Transcribe the listing exactly as written. Leave the images out.

Supplied records
* * *
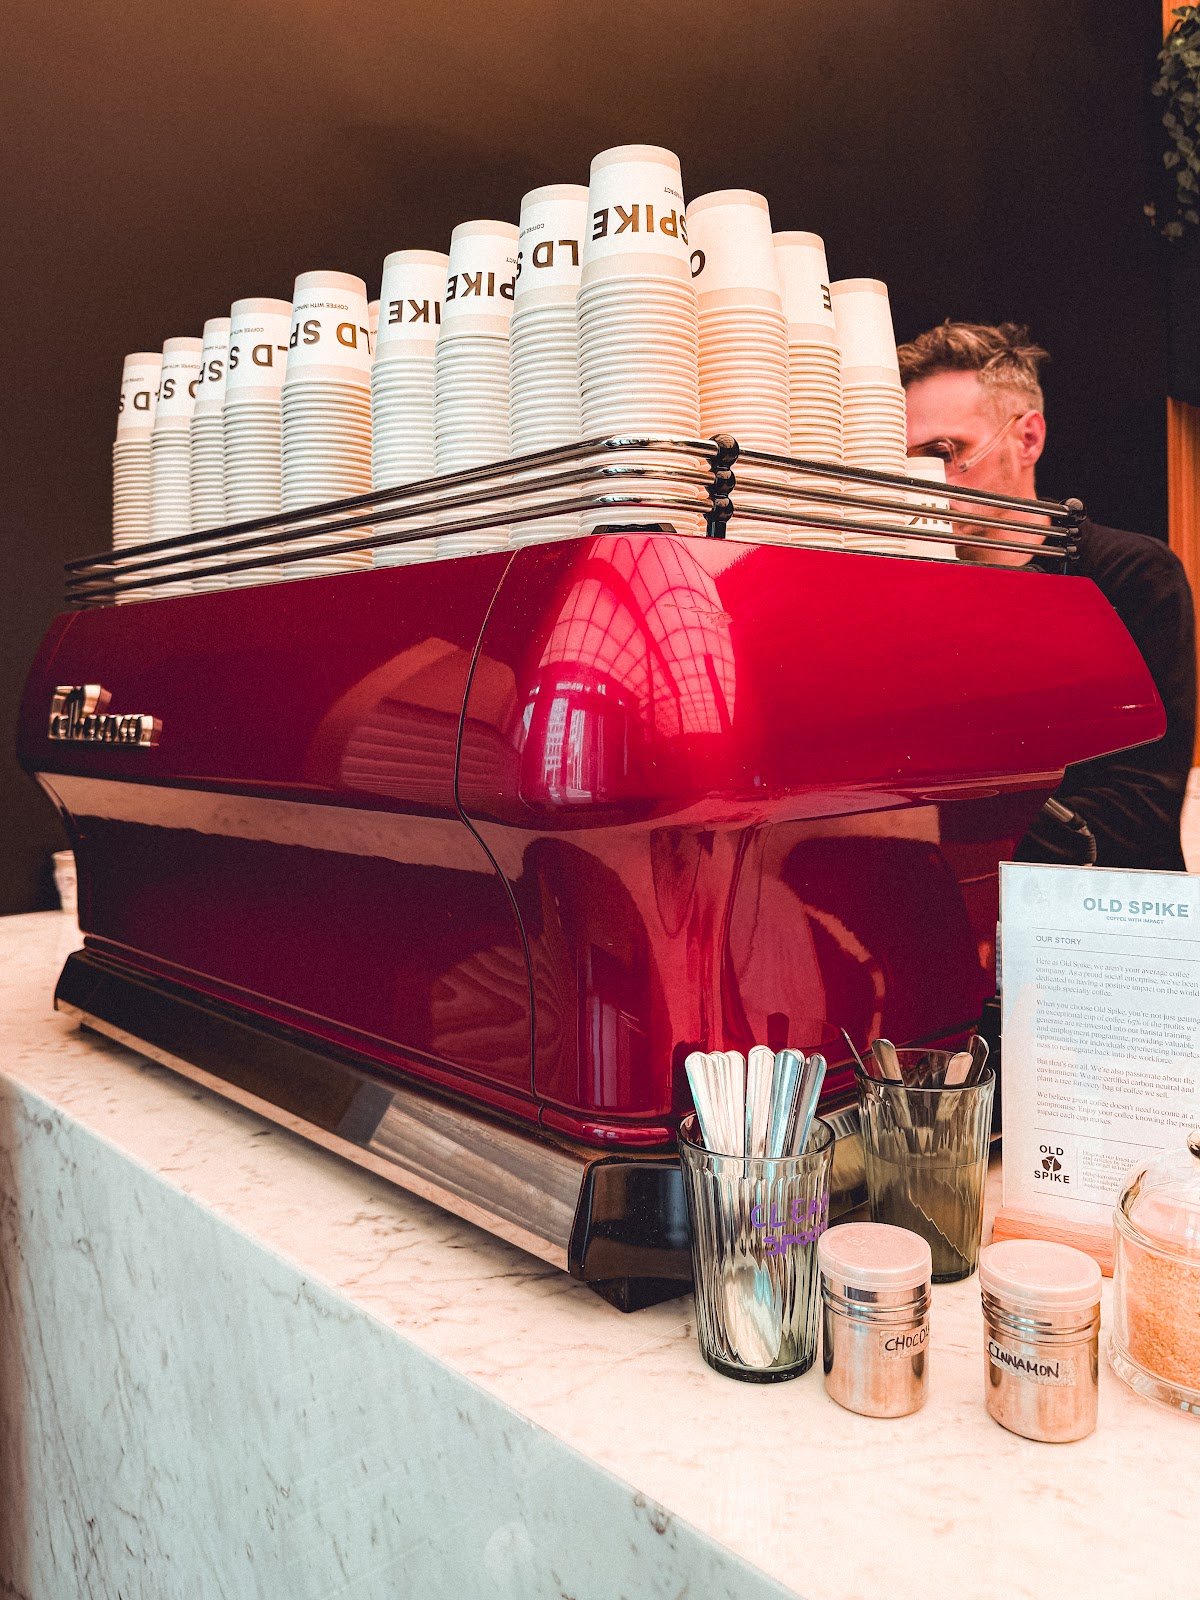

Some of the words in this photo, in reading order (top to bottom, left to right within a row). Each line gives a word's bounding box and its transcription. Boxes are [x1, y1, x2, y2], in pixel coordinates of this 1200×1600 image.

[592, 204, 689, 246] SPIKE
[326, 302, 349, 311] COFFEE
[1083, 897, 1123, 913] OLD
[1128, 900, 1189, 918] SPIKE
[1035, 935, 1053, 943] OUR
[1055, 937, 1082, 945] STORY
[1060, 959, 1072, 967] Old
[1125, 966, 1140, 974] your
[1141, 968, 1168, 977] average
[1035, 975, 1067, 984] dedicated
[1076, 978, 1098, 987] having
[1105, 981, 1131, 991] positive
[1132, 984, 1155, 993] impact
[1166, 987, 1179, 995] the
[1179, 989, 1200, 997] world
[1036, 982, 1061, 993] through
[1062, 986, 1090, 996] specialty
[1083, 971, 1103, 979] proud
[1181, 980, 1199, 988] been
[1036, 999, 1056, 1007] When
[1056, 1002, 1069, 1010] you
[1093, 1005, 1106, 1013] Old
[1163, 1013, 1176, 1021] just
[1046, 1010, 1083, 1019] exceptional
[1084, 1014, 1096, 1022] cup
[1163, 1022, 1185, 1030] profits
[1036, 1017, 1064, 1025] generate
[1076, 1022, 1112, 1031] re-invested
[1140, 1028, 1163, 1037] barista
[1164, 1031, 1192, 1041] training
[1049, 1027, 1090, 1037] employment
[1131, 1037, 1163, 1046] providing
[1164, 1040, 1194, 1050] valuable
[1036, 1034, 1079, 1043] opportunities
[1090, 1039, 1126, 1049] individuals
[1127, 1045, 1170, 1056] experiencing
[1059, 1044, 1094, 1055] reintegrate
[1094, 1048, 1111, 1057] back
[1112, 1051, 1126, 1059] into
[1126, 1052, 1137, 1060] the
[1036, 1057, 1048, 1065] But
[1125, 1070, 1161, 1081] passionate
[1162, 1074, 1182, 1083] about
[1183, 1076, 1196, 1085] the
[1079, 1071, 1091, 1079] We
[1103, 1076, 1130, 1085] certified
[1130, 1079, 1154, 1088] carbon
[1155, 1083, 1180, 1092] neutral
[1036, 1074, 1053, 1082] plant
[1059, 1078, 1072, 1086] tree
[1083, 1081, 1100, 1090] every
[1102, 1083, 1115, 1092] bag
[1123, 1087, 1144, 1095] coffee
[1037, 1091, 1048, 1099] We
[1048, 1093, 1071, 1102] believe
[1072, 1097, 1088, 1105] great
[1089, 1099, 1109, 1107] coffee
[1135, 1106, 1152, 1114] need
[1160, 1110, 1180, 1118] come
[1037, 1109, 1059, 1117] impact
[1059, 1111, 1075, 1119] each
[1076, 1115, 1089, 1123] cup
[1078, 1106, 1096, 1116] Enjoy
[1098, 1109, 1113, 1117] your
[1114, 1111, 1134, 1119] coffee
[1135, 1114, 1165, 1125] knowing
[1166, 1118, 1178, 1126] the
[1039, 1144, 1064, 1156] OLD
[1034, 1170, 1070, 1184] SPIKE
[884, 1321, 930, 1352] CHOCOL
[988, 1341, 1059, 1378] CINNAMON
* * *
Answer to the exercise
Some of the words in this photo, in reading order (top to bottom, left to right within a row). Each line gives a word's bounding box and its transcription. Boxes are [x1, y1, x2, y2], in pixel coordinates of this 1200×1600 image.

[592, 204, 689, 246] SPIKE
[326, 302, 349, 311] COFFEE
[1083, 897, 1123, 913] OLD
[1128, 900, 1189, 918] SPIKE
[1035, 935, 1053, 943] OUR
[1055, 937, 1082, 945] STORY
[1060, 959, 1072, 967] Old
[1125, 966, 1140, 974] your
[1141, 968, 1168, 977] average
[1035, 975, 1067, 984] dedicated
[1076, 978, 1098, 987] having
[1105, 981, 1131, 991] positive
[1132, 984, 1155, 993] impact
[1166, 987, 1179, 995] the
[1179, 989, 1200, 997] world
[1036, 982, 1061, 993] through
[1062, 986, 1090, 996] specialty
[1083, 971, 1103, 979] proud
[1181, 980, 1199, 988] been
[1036, 999, 1056, 1007] When
[1056, 1002, 1069, 1010] you
[1093, 1005, 1106, 1013] Old
[1163, 1013, 1176, 1021] just
[1046, 1010, 1083, 1019] exceptional
[1084, 1014, 1096, 1022] cup
[1163, 1022, 1185, 1030] profits
[1036, 1017, 1064, 1025] generate
[1076, 1022, 1112, 1031] re-invested
[1140, 1028, 1163, 1037] barista
[1164, 1031, 1192, 1041] training
[1049, 1027, 1090, 1037] employment
[1131, 1037, 1163, 1046] providing
[1164, 1040, 1194, 1050] valuable
[1036, 1034, 1079, 1043] opportunities
[1090, 1039, 1126, 1049] individuals
[1127, 1045, 1170, 1056] experiencing
[1059, 1044, 1094, 1055] reintegrate
[1094, 1048, 1111, 1057] back
[1112, 1051, 1126, 1059] into
[1126, 1052, 1137, 1060] the
[1036, 1057, 1048, 1065] But
[1125, 1070, 1161, 1081] passionate
[1162, 1074, 1182, 1083] about
[1183, 1076, 1196, 1085] the
[1079, 1071, 1091, 1079] We
[1103, 1076, 1130, 1085] certified
[1130, 1079, 1154, 1088] carbon
[1155, 1083, 1180, 1092] neutral
[1036, 1074, 1053, 1082] plant
[1059, 1078, 1072, 1086] tree
[1083, 1081, 1100, 1090] every
[1102, 1083, 1115, 1092] bag
[1123, 1087, 1144, 1095] coffee
[1037, 1091, 1048, 1099] We
[1048, 1093, 1071, 1102] believe
[1072, 1097, 1088, 1105] great
[1089, 1099, 1109, 1107] coffee
[1135, 1106, 1152, 1114] need
[1160, 1110, 1180, 1118] come
[1037, 1109, 1059, 1117] impact
[1059, 1111, 1075, 1119] each
[1076, 1115, 1089, 1123] cup
[1078, 1106, 1096, 1116] Enjoy
[1098, 1109, 1113, 1117] your
[1114, 1111, 1134, 1119] coffee
[1135, 1114, 1165, 1125] knowing
[1166, 1118, 1178, 1126] the
[1039, 1144, 1064, 1156] OLD
[1034, 1170, 1070, 1184] SPIKE
[884, 1321, 930, 1352] CHOCOL
[988, 1341, 1059, 1378] CINNAMON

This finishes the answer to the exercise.